A very good copy of the rare and important first English edition of books one and two of Omnium Gentium Mores, Leges et Ritus translated by William Waterman; the Fardle of Facions is considered “the first scientific approach to ethnology, (in English) portraying a ‘pleasant variety of things and yet more profit in the pith’” (Cox I, pp. 69-70). Johann Boemus (c.1485-1535) was a German humanist, canon of Ulm Cathedral, traveller, and Hebraist. His work, first published in 1520, was reprinted multiple times in the sixteenth century, with later additions, accumulating related treatises by other scholars. It influenced Sebastian Muenster’s Cosmography, and inspired the Hauptchronik of Sebastian Franck. It helped set the stage for subsequent investigations of the connections of law to culture, including Paul Henri Mallett’s Northern Antiquities. “Johannes Boemus’s popular Latin work on the manners, laws, and customs of peoples ancient and modern, Omnium Gentium Mores was first published in Augsburg in 1520. By the early seventeenth century it had appeared in twenty-three editions and five languages, including the English, The fardle of facions. Although he has been called the “first anthropologist,” Boemus draws primarily on older sources such as Herodotus rather than incorporating recent eyewitness accounts of the New World. His account of Indian “blackness” draws on Aristotle’s “one-seed” theory of conception, whereby the child’s appearance is determined by the father alone.” Loomba A., ‘Race in Early Modern England.’

Boemus’ work is interesting for not mentioning the recent accounts of travellers coming back from the New World, and Asia, even though his work could be said to have been inspired by these voyages. “Boemus, a cleric and learned humanist, resolutely kept his distance from many contemporary reports about far off people, he remained cautious as to their truthfulness, he doubted the factual and moral qualification of some of their authors. .. This was no humanist disdain of modernity .. Neither .. was Boemus ignorant of recent travel and discovery literature.
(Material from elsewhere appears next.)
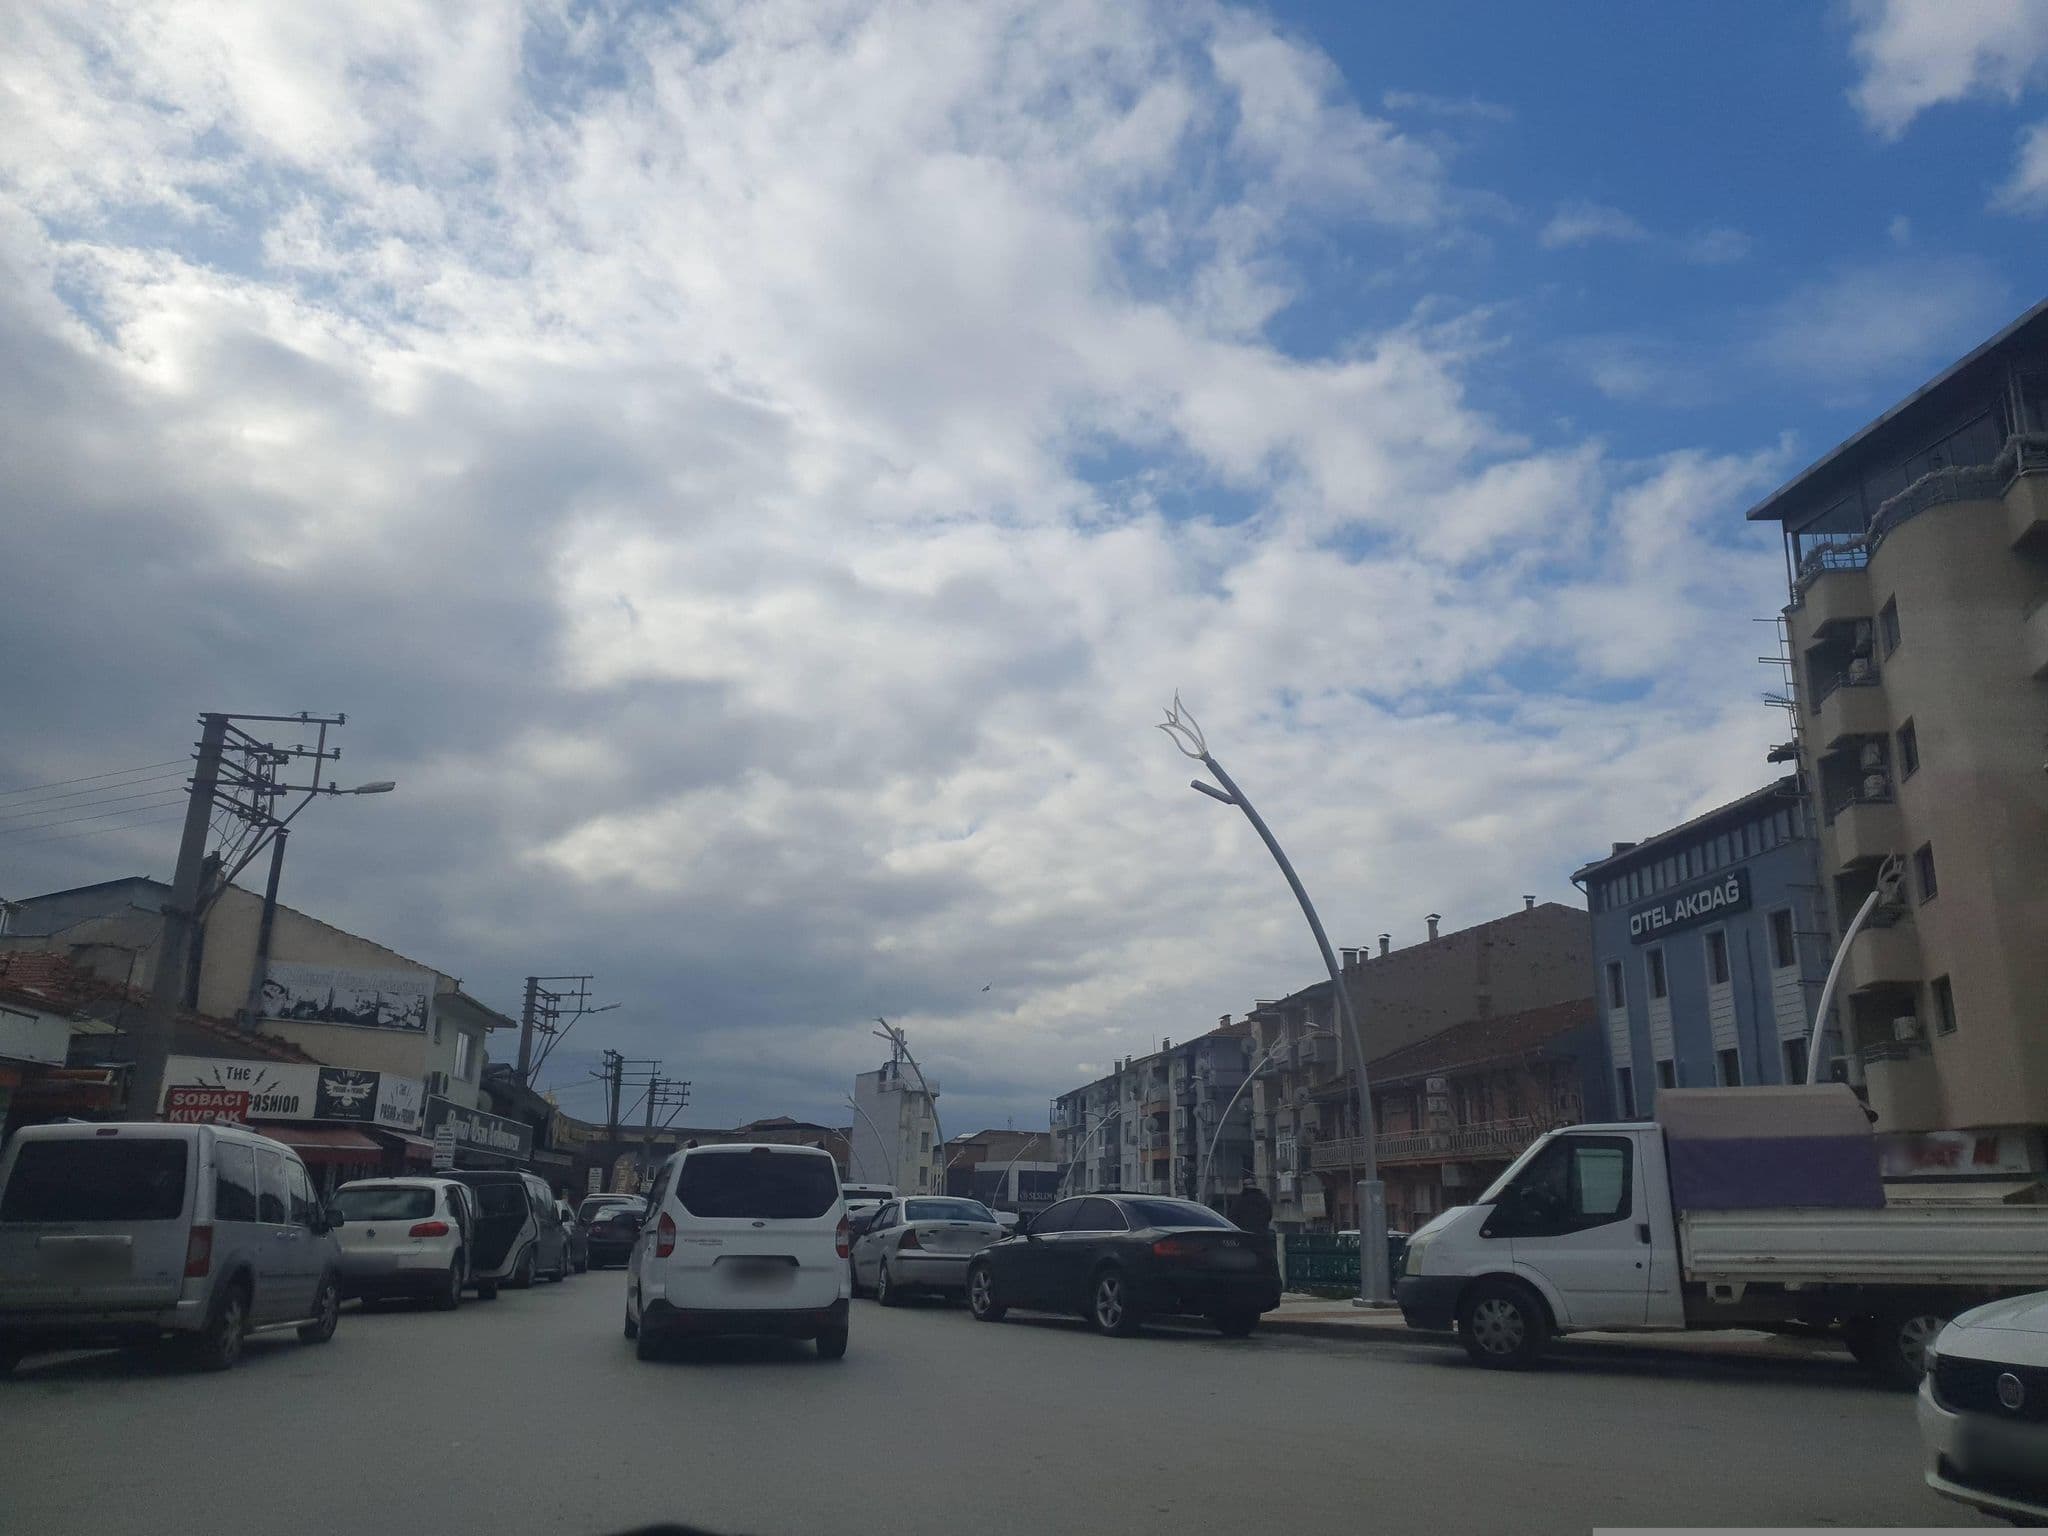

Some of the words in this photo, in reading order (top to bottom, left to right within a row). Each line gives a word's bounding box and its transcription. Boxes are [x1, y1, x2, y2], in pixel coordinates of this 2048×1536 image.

The .. book had a different idea and purpose, it was meant to be a critical complement to recent travel books and to give a fundamental outline of cultural development and variety in general. .. It would not be unreasonable to take Boemus’ book as a major reference for early modern European perceptions of human culture on a global scale. Margaret Hodgen, .. takes Boemus’ book as significant for the decisive step from ‘Classical Heritage’ and ‘Medieval Prologue’ towards ‘Early Anthropology’.” Joan Pau Rubiés ‘Shifting Cultures: Interaction and Discourse in the Expansion of Europe.’

This extremely rare translation into English does not contain the original letter of dedication and the third part of the original edition on Europe, but does add, “The treatise of Iosephus, conteyning the ordres, and lawes of the Iewes commune wealthe’, translation into English of book 4, chapter 8 of ‘Antiquitates Judaicae’.